Merge branch 'mars0.1.y' into mars0.1a.y

ChangeLog

@@ -293,6 +293,15 @@ Hint: branch 0.1a will get a merge from here, and then get the
 	(except Football related ones) will then go to 0.1b.
 	Finally, when 0.1a is stable, I will close this branch.
 
+mars0.1stable62
+	* Minor fix: race between join-resource and log-rotate.
+	* Minor fix: report split brain logfile amount only when
+	  actually detectable.
+	* Minor improvement: shift annoying error message over
+	  to Orphan state detection.
+	* Football: update to Football-2.0-RC12
+	* doc: some updates.
+
 mars0.1stable61
 	* Minor fix: in very rare cases where some symlinks are missing,
 	  don't abort in try_to_avoid_splitbrain().
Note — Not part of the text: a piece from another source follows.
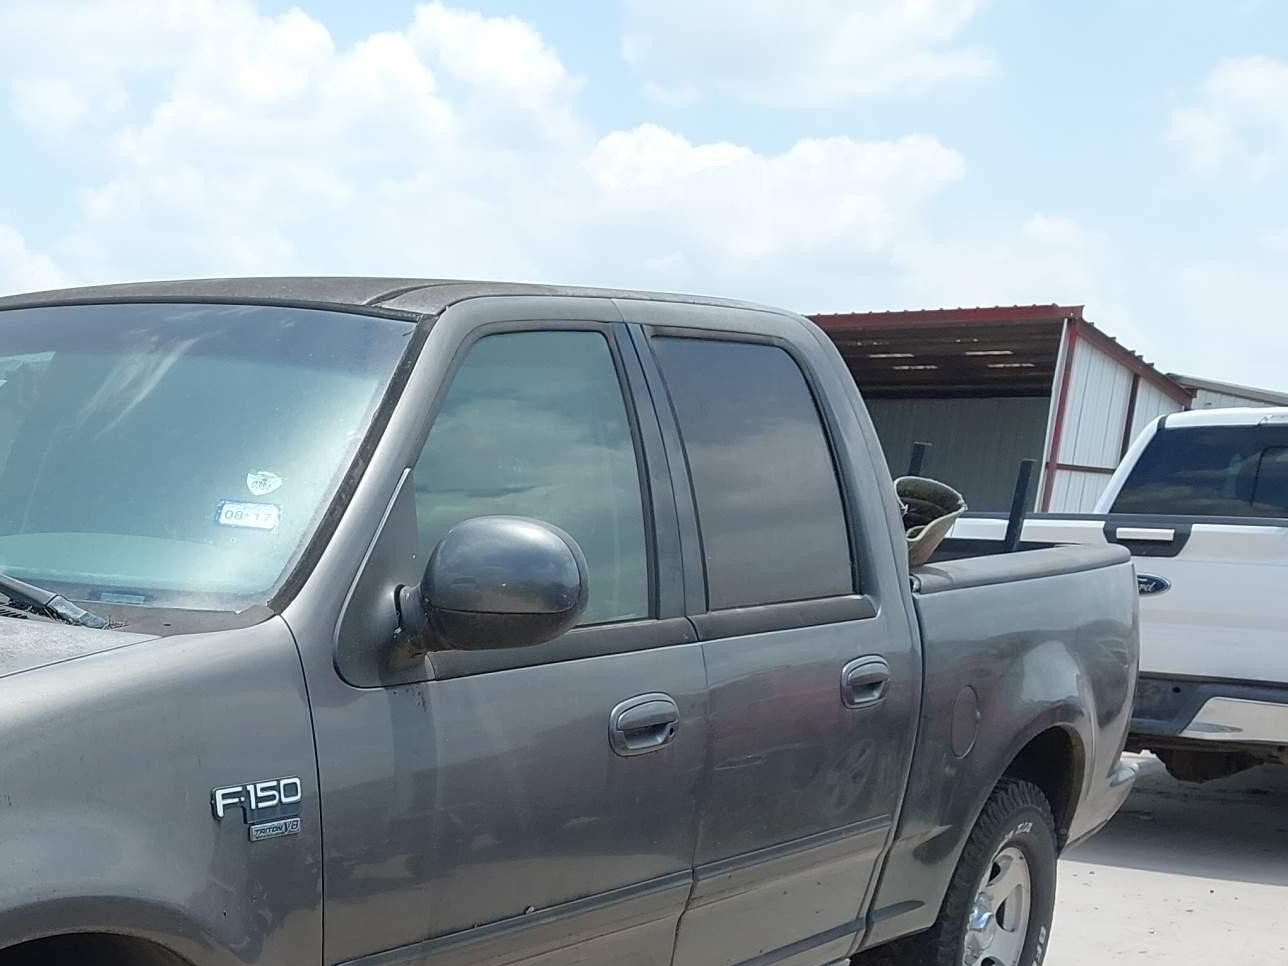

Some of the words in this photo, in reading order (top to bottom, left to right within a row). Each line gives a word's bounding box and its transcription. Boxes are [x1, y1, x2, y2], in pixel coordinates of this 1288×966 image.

[214, 776, 302, 818] F-150
[253, 825, 284, 839] TRITON
[283, 819, 300, 834] V8
docu/football-verbose.help

@@ -12,7 +12,7 @@ Actions for resource migration:
      Run the sequence
      migrate_prepare ; migrate_wait ; migrate_finish; migrate_cleanup.
 
-Dto for testing of phases:
+Dto for testing (do not rely on it):
 
   ./football.sh migrate_prepare <resource> <target_primary> [<target_secondary>]
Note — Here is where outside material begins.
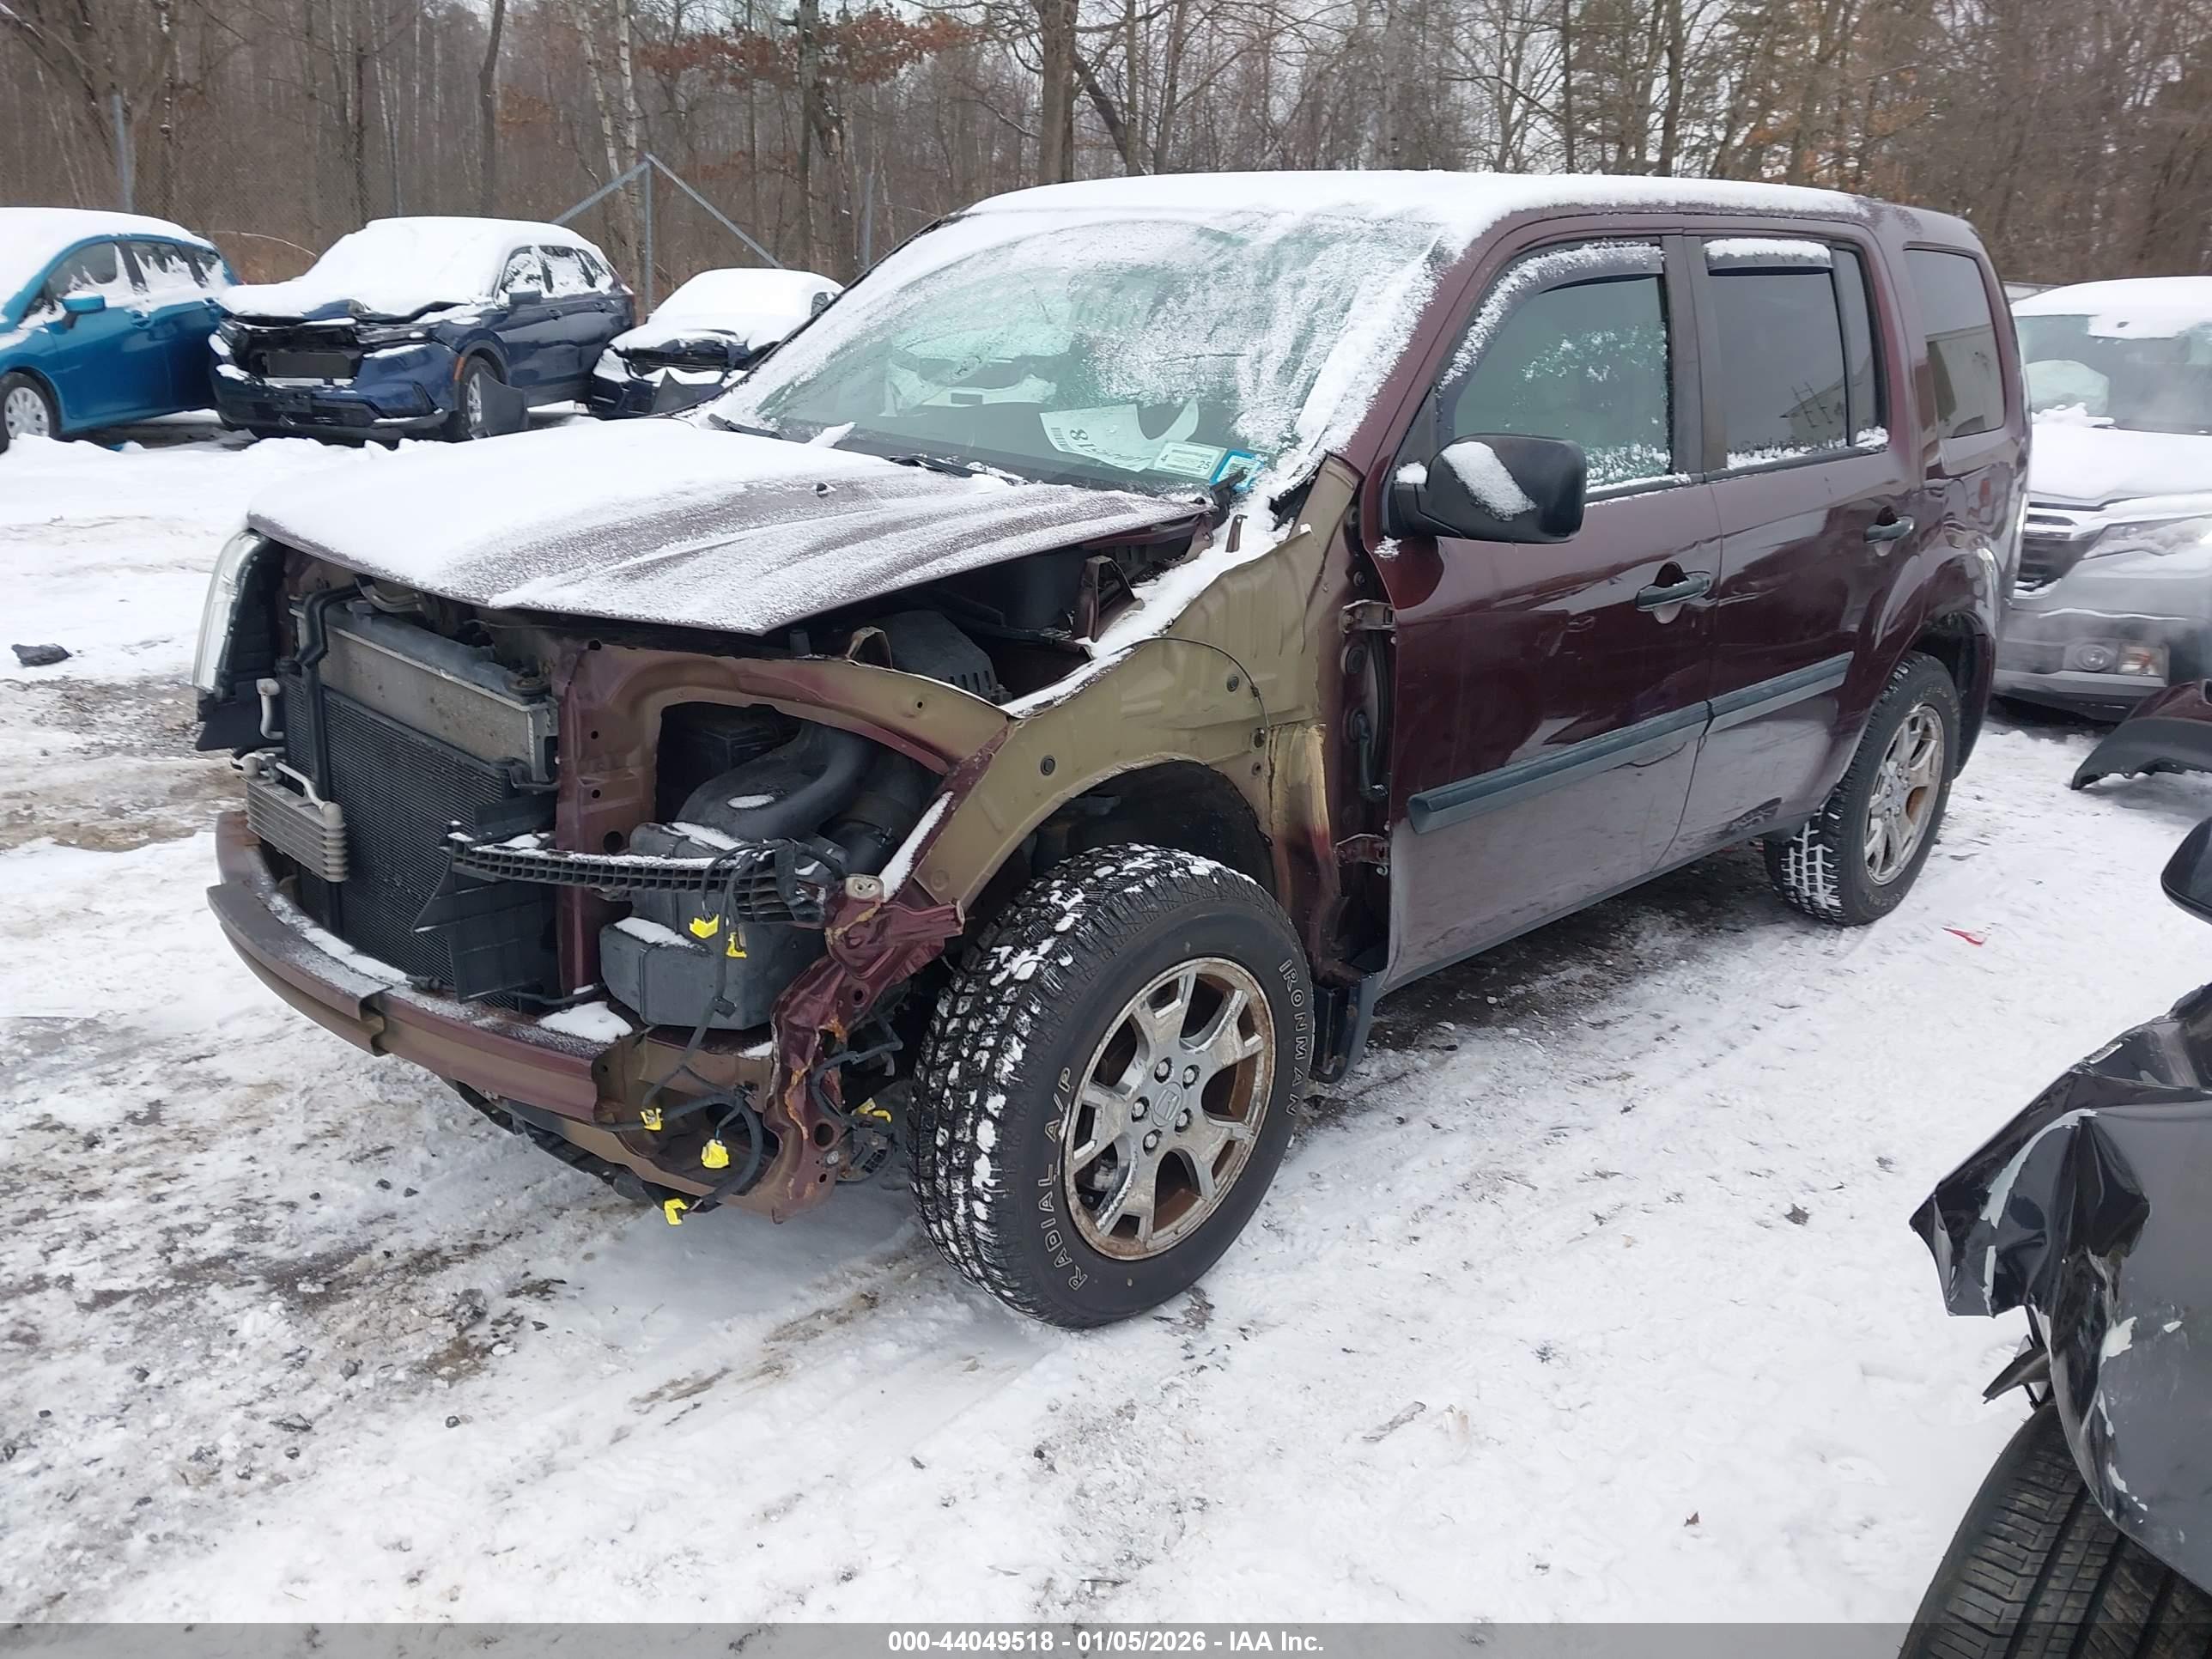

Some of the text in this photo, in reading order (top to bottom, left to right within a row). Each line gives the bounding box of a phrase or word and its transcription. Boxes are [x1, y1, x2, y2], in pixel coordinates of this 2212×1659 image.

[1197, 460, 1212, 470] 25
[1278, 958, 1309, 1116] IRONMAN
[1037, 1066, 1089, 1291] RADIAL A/P
      Allocate LVM space at the targets and start MARS replication.
@@ -32,7 +32,7 @@ Actions for inplace FS shrinking:
   ./football.sh shrink          <resource> <percent>
      Run the sequence shrink_prepare ; shrink_finish ; shrink_cleanup.
 
-Dto for testing of phases:
+Dto for testing (do not rely on it):
 
   ./football.sh shrink_prepare  <resource> [<percent>]
      Allocate temporary LVM space (when possible) and create initial
@@ -114,6 +114,10 @@ Actions for (manual) repair in emergency situations:
      Manually lock or unlock an item at all of the given hosts, in
      an atomic fashion. In most cases, use "ALL" for the item.
 
+Only for testing / development (no stable interfaces):
+
+  ./football.sh manual_call_hook <name> <args>
+
 Global maintenance:
 
   ./football.sh lv_cleanup      <resource>
@@ -253,7 +257,7 @@ Configuration:
   # IMPORTANT: some intermediate progress report is absolutely needed,
   # because otherwise a false-positive TIMEOUT may be assumed when
   # no output is generated for several hours.
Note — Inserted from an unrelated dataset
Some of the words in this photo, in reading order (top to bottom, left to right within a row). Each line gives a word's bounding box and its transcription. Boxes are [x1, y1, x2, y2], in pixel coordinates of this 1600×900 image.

-  rsync_opt="${rsync_opt:- -aSH --info=progress2,STATS}"
+  rsync_opt="${rsync_opt:- -aH --inplace --info=progress2,STATS}"
 
   ## rsync_opt_prepare
   # Additional rsync options for preparation and updating
@@ -338,6 +342,16 @@ Configuration:
   # of a failed command.
   serious_status="${serious_status:-198}"
 
+  ## interrupted_status
+  # This is the "magic" exit code indicating a manual interruption
+  # (e.g. keypress Ctl-c)
+  interrupted_status="${interrupted_status:-190}"
+
+  ## illegal_status
+  # This is the "magic" exit code indicating an illegal command
+  # (e.g. syntax error, illegal arguments, etc)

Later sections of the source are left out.